Extracted records:
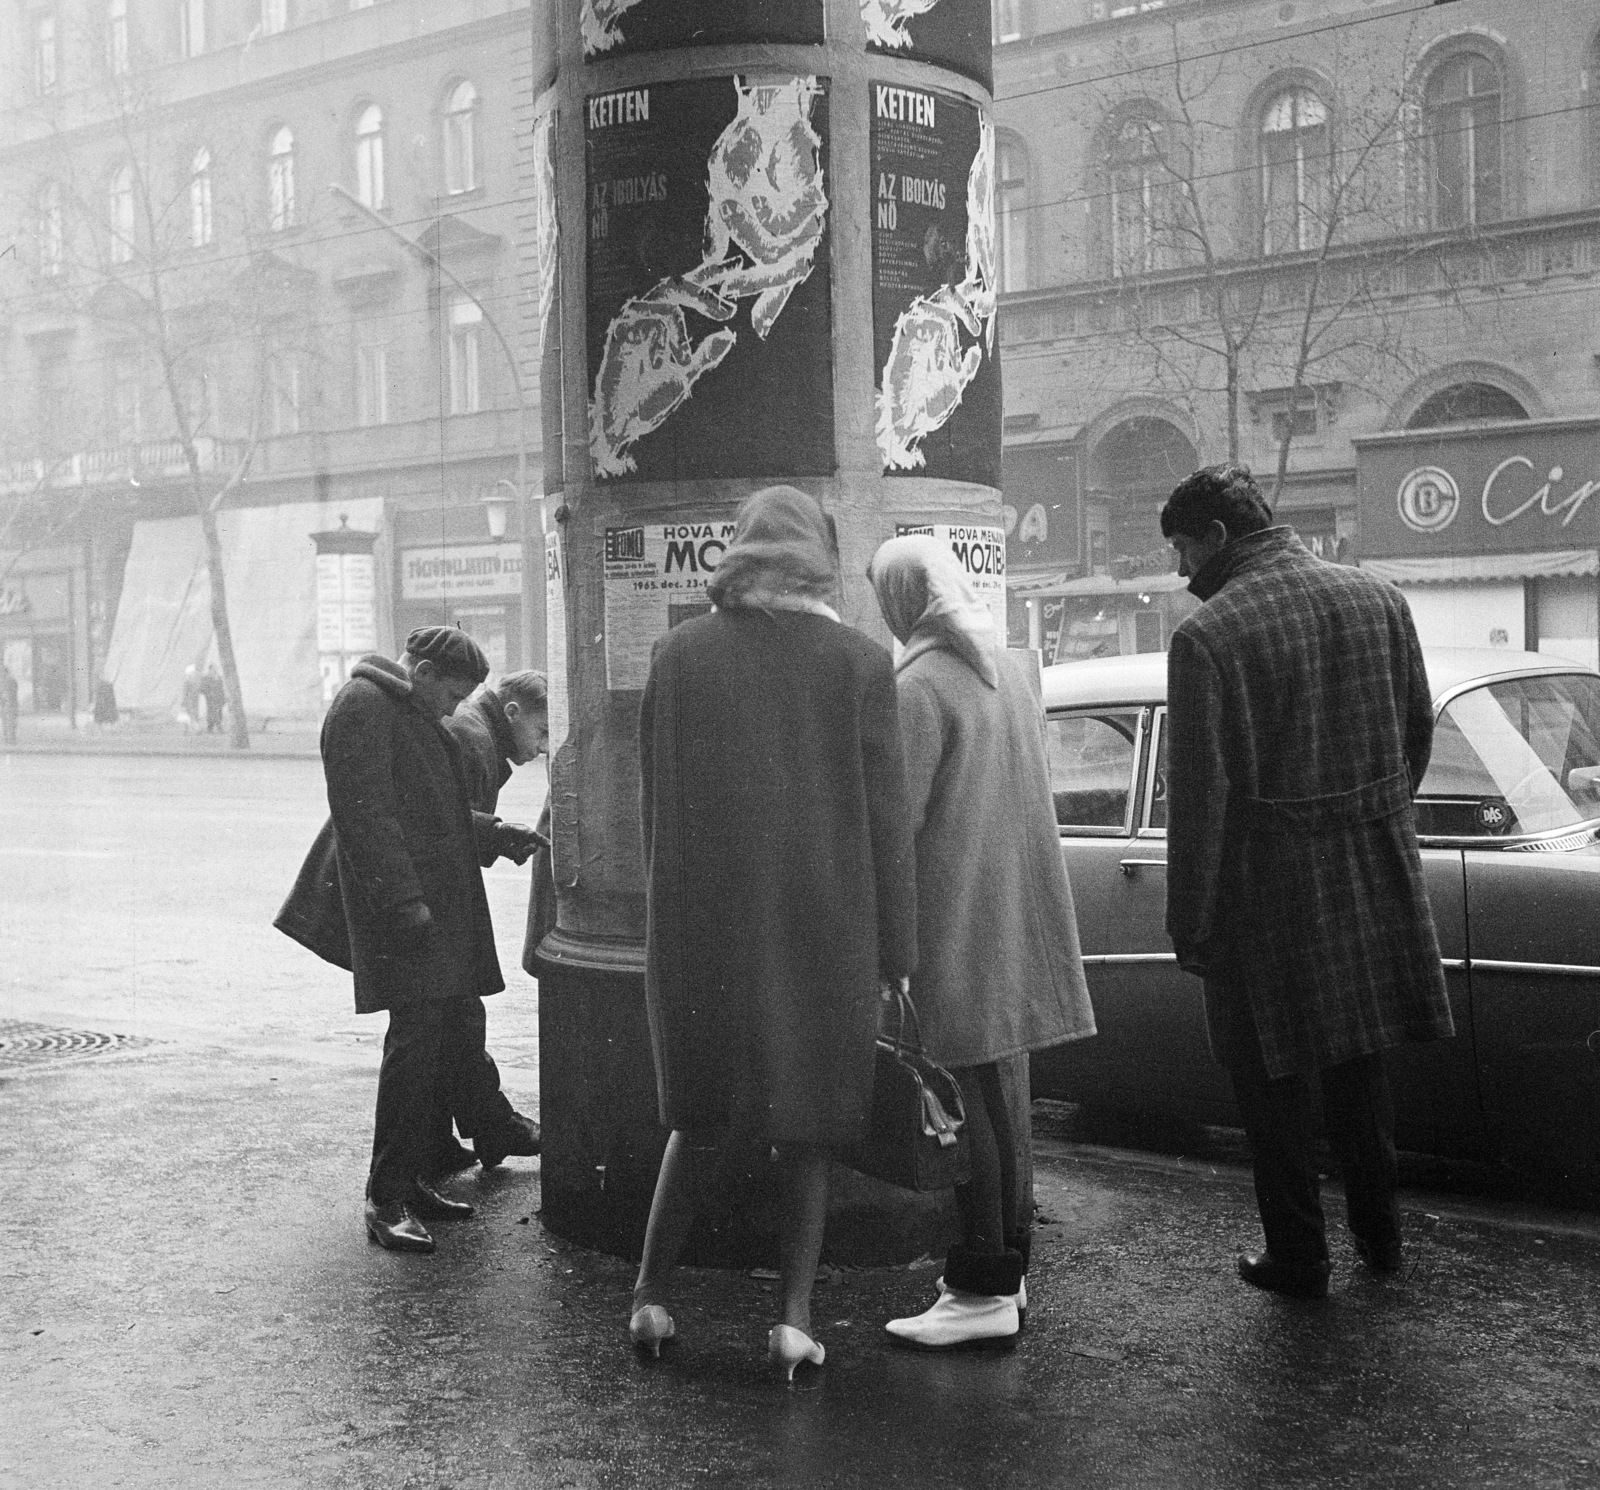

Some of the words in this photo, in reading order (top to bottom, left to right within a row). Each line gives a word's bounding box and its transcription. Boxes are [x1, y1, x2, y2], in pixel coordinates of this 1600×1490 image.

[589, 89, 649, 130] KETTEN
[876, 85, 935, 128] KETTEN
[592, 182, 608, 209] AZ
[613, 171, 667, 205] IBOLYÁS
[878, 172, 897, 200] AZ
[902, 176, 946, 210] IBOLYÁS
[664, 526, 714, 540] HOVA
[949, 527, 978, 541] HOVA
[633, 581, 659, 591] 1965.
[661, 579, 683, 589] dec.
[1483, 807, 1503, 823] DAS
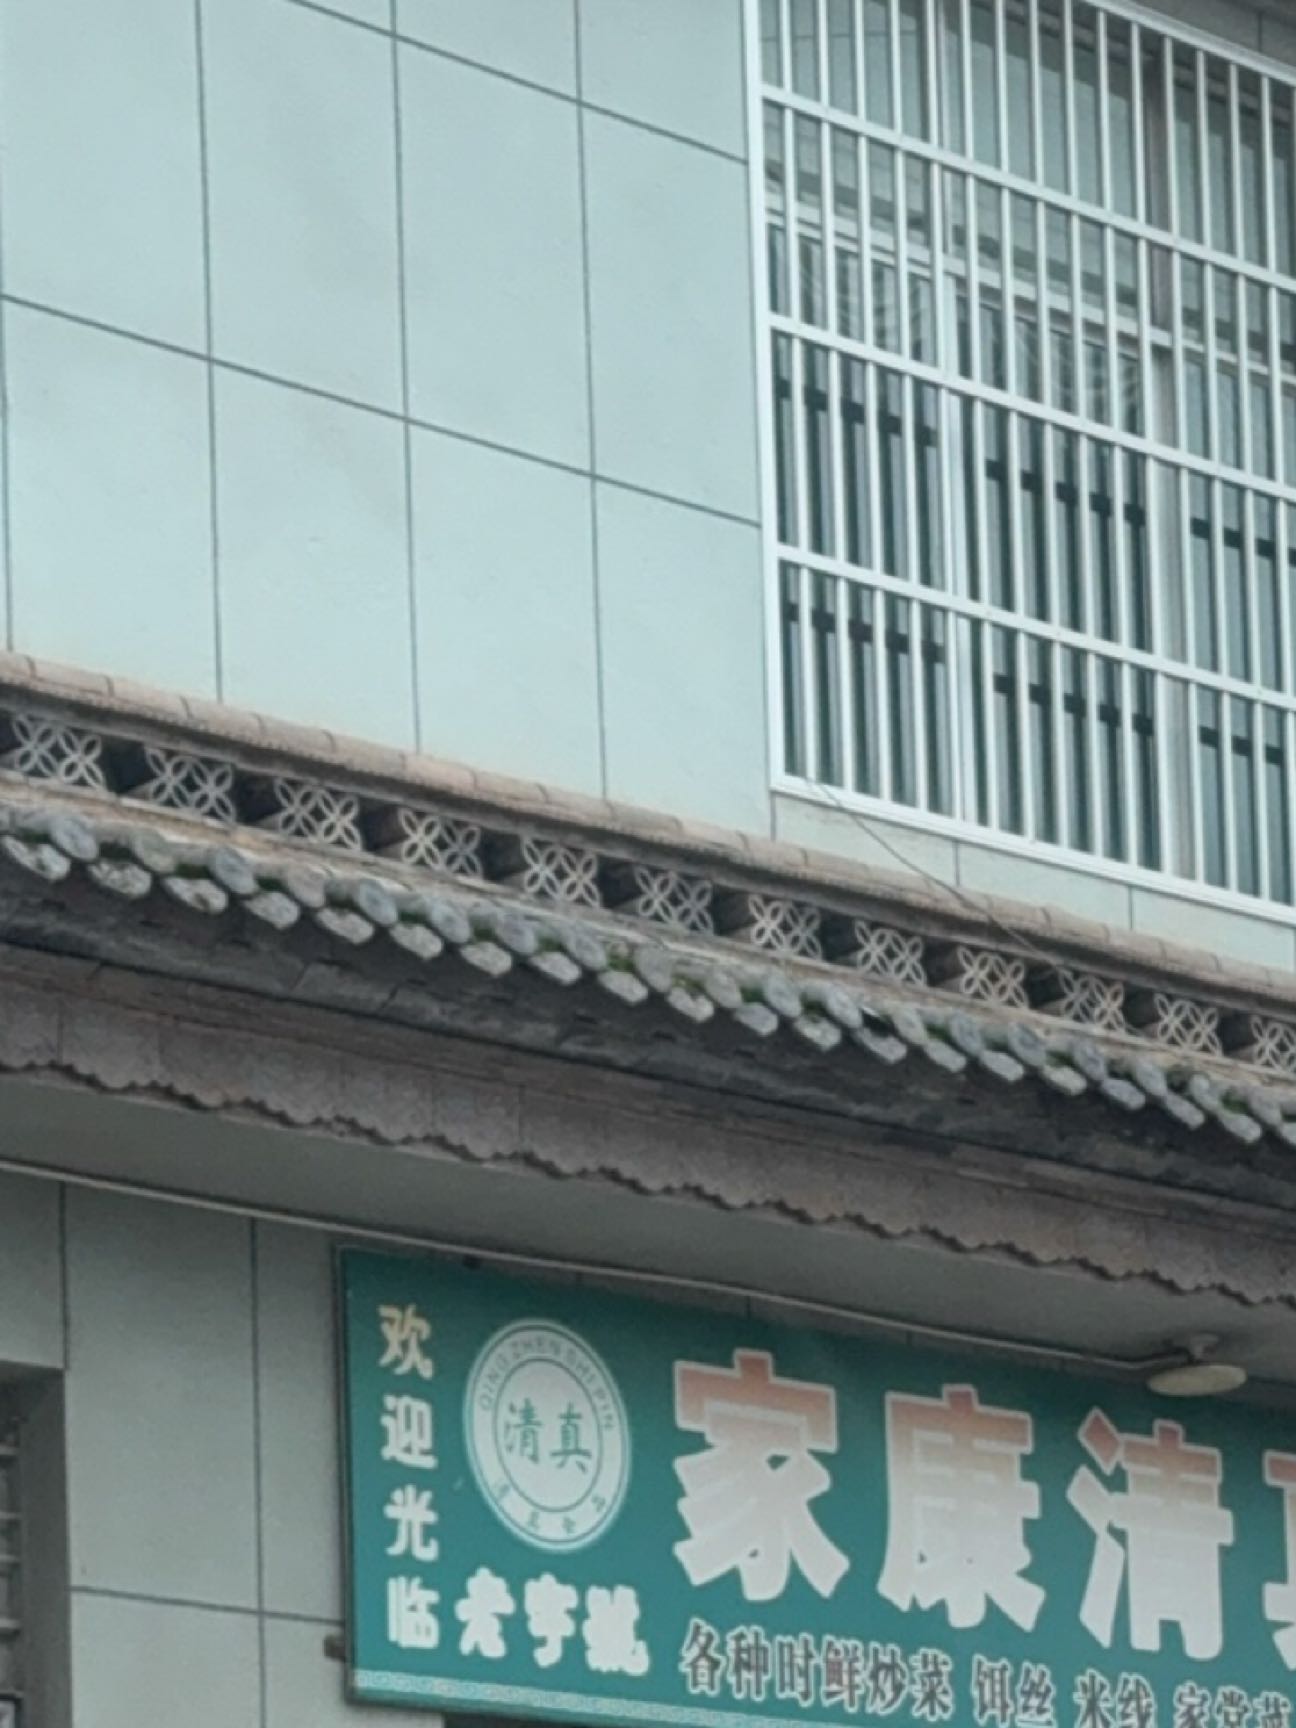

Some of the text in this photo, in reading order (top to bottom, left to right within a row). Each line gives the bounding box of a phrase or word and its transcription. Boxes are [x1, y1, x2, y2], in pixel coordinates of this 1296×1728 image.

[378, 1303, 440, 1650] 欢迎光临
[503, 1397, 592, 1475] 清真
[679, 1616, 955, 1722] 各种时鲜炒菜
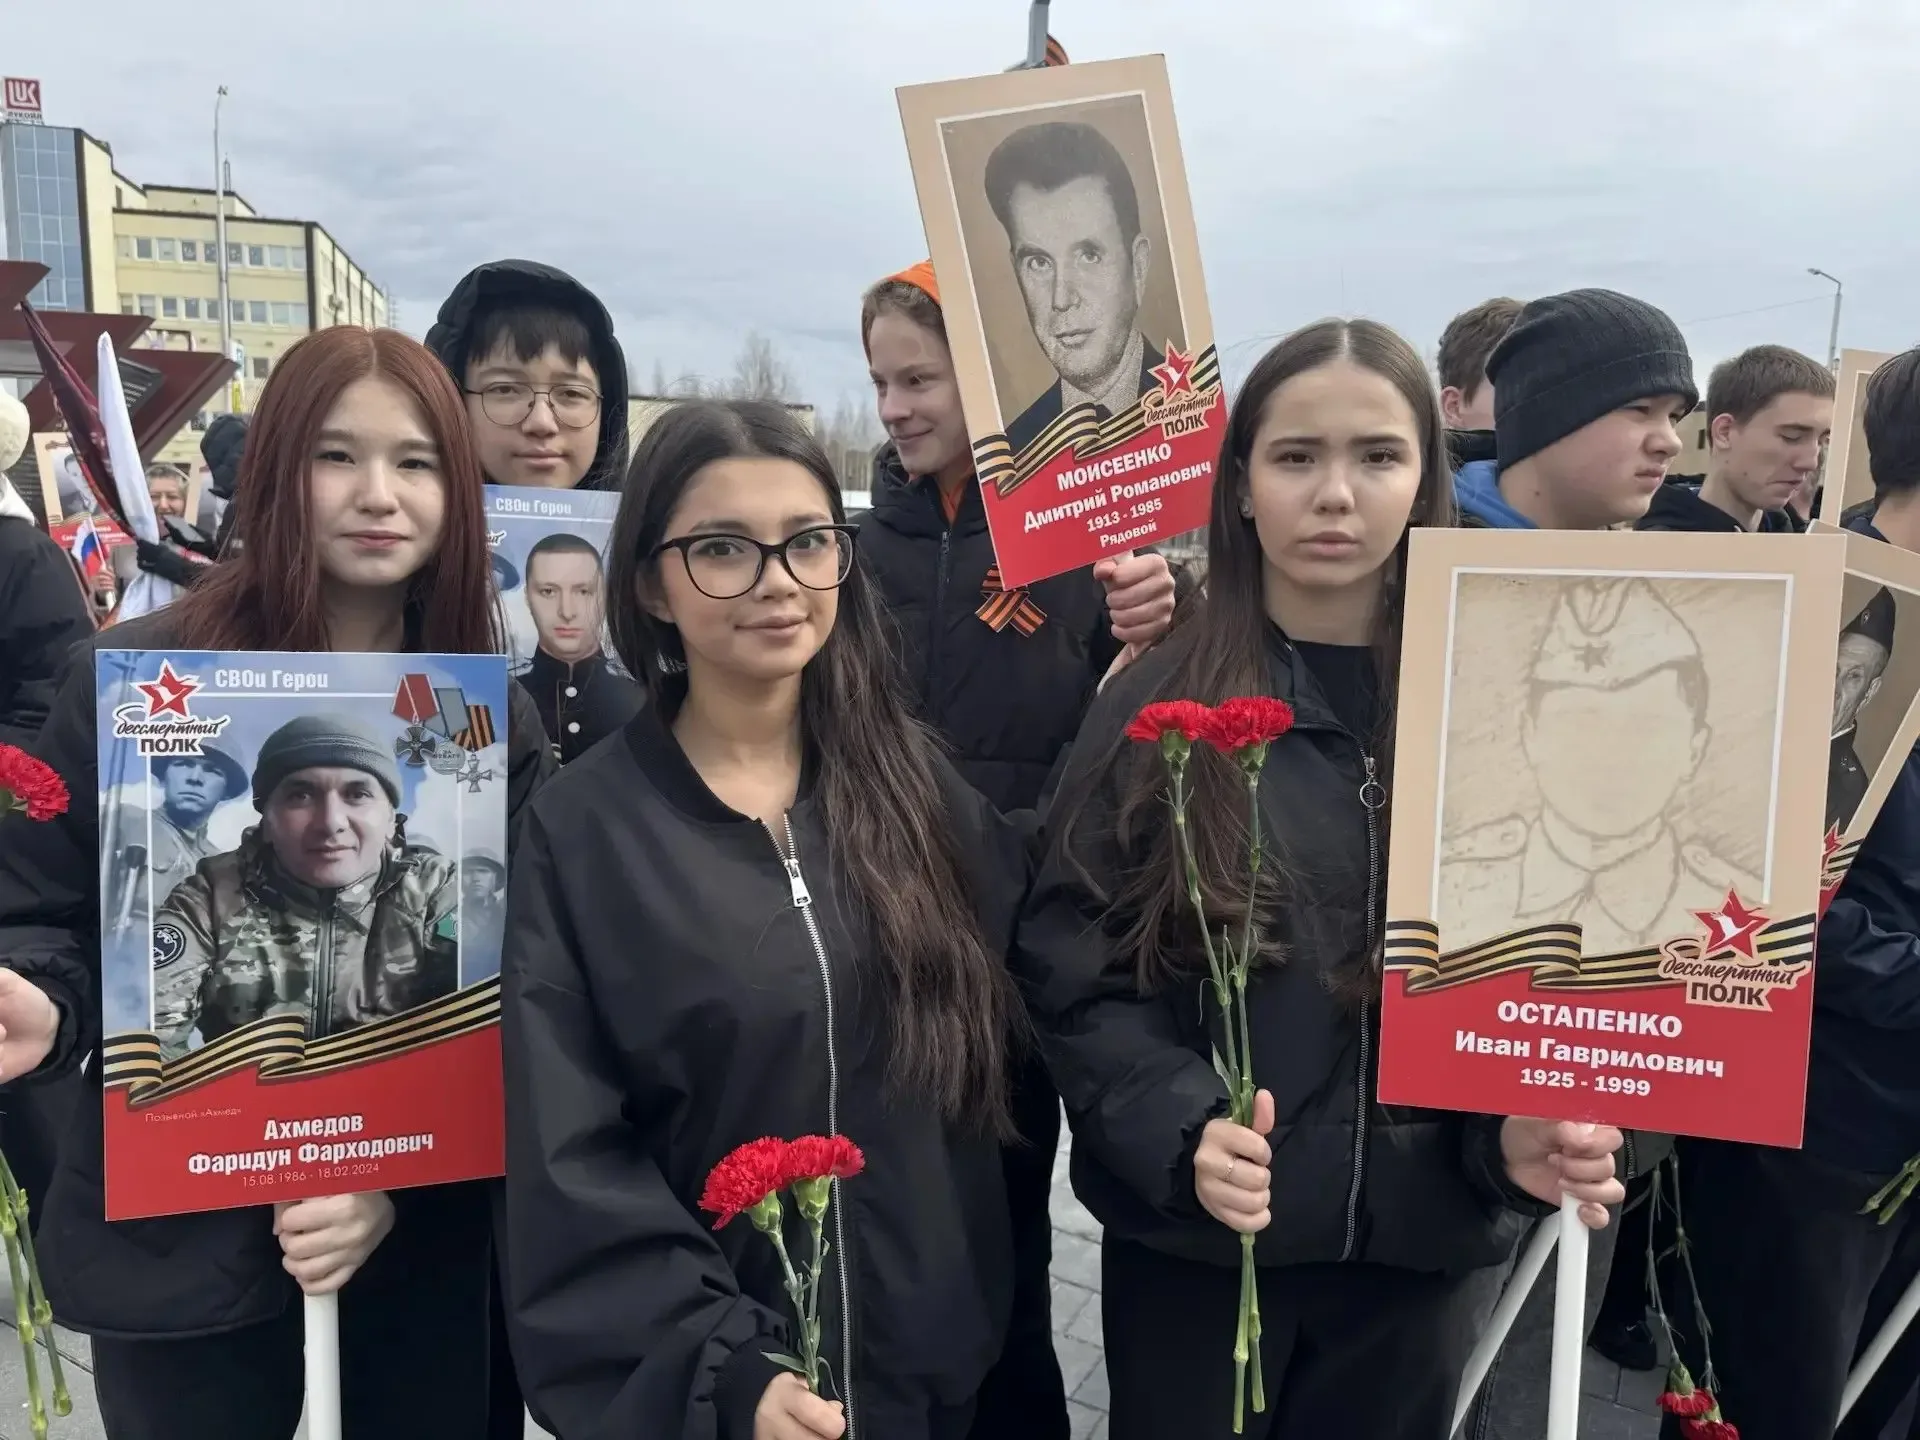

What is required:
When you write out the material again, keep every word exact and omit the pictures.

Result for this exercise:
Some of the words in this photo, in reading order (top to bottom, left to right within a row). Each line gives a word's bounding box and its transcription. Boxes are [x1, y1, x2, y2], in pixel coordinates of this 1600×1490 image.

[589, 89, 649, 130] KETTEN
[876, 85, 935, 128] KETTEN
[592, 182, 608, 209] AZ
[613, 171, 667, 205] IBOLYÁS
[878, 172, 897, 200] AZ
[902, 176, 946, 210] IBOLYÁS
[664, 526, 714, 540] HOVA
[949, 527, 978, 541] HOVA
[633, 581, 659, 591] 1965.
[661, 579, 683, 589] dec.
[1483, 807, 1503, 823] DAS

Some of the text in this photo, in reading order (top to bottom, left to right within a row). Each line gives the bounding box of a phrase or word and its transcription. Boxes are [x1, y1, x2, y2], in pixel coordinates of this 1296×1728 image.

[378, 1303, 440, 1650] 欢迎光临
[503, 1397, 592, 1475] 清真
[679, 1616, 955, 1722] 各种时鲜炒菜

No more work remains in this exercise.